WHAT THE EXERCISE ASKS: Return the records exactly as they appear below, omitting the pictures.

RECORDS FOR PROCESSING:
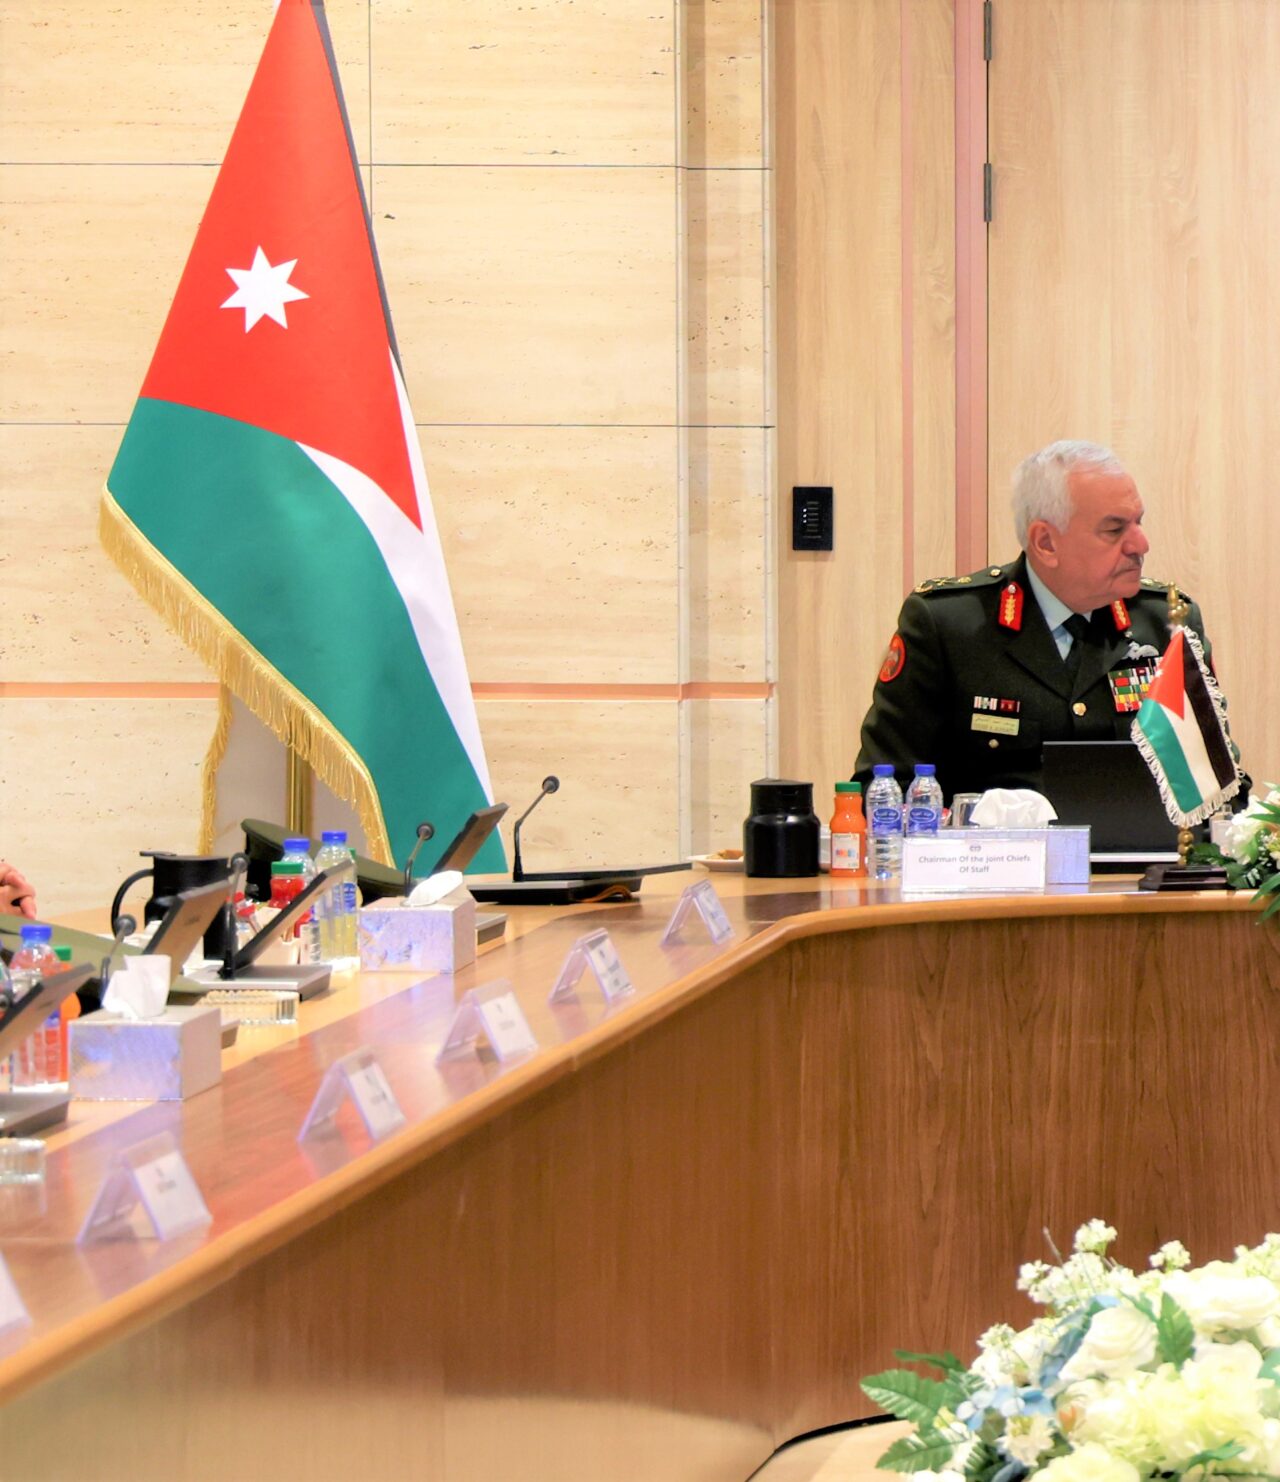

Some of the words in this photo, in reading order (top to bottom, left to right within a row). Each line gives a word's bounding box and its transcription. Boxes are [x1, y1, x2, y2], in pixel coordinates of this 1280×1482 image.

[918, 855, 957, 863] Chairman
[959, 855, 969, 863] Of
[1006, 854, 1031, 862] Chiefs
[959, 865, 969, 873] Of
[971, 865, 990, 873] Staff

EXERCISE RESPONSE:
Some of the words in this photo, in reading order (top to bottom, left to right within a row). Each line gives a word's bounding box and its transcription. Boxes are [x1, y1, x2, y2], in pixel coordinates of this 1280×1482 image.

[918, 855, 957, 863] Chairman
[959, 855, 969, 863] Of
[1006, 854, 1031, 862] Chiefs
[959, 865, 969, 873] Of
[971, 865, 990, 873] Staff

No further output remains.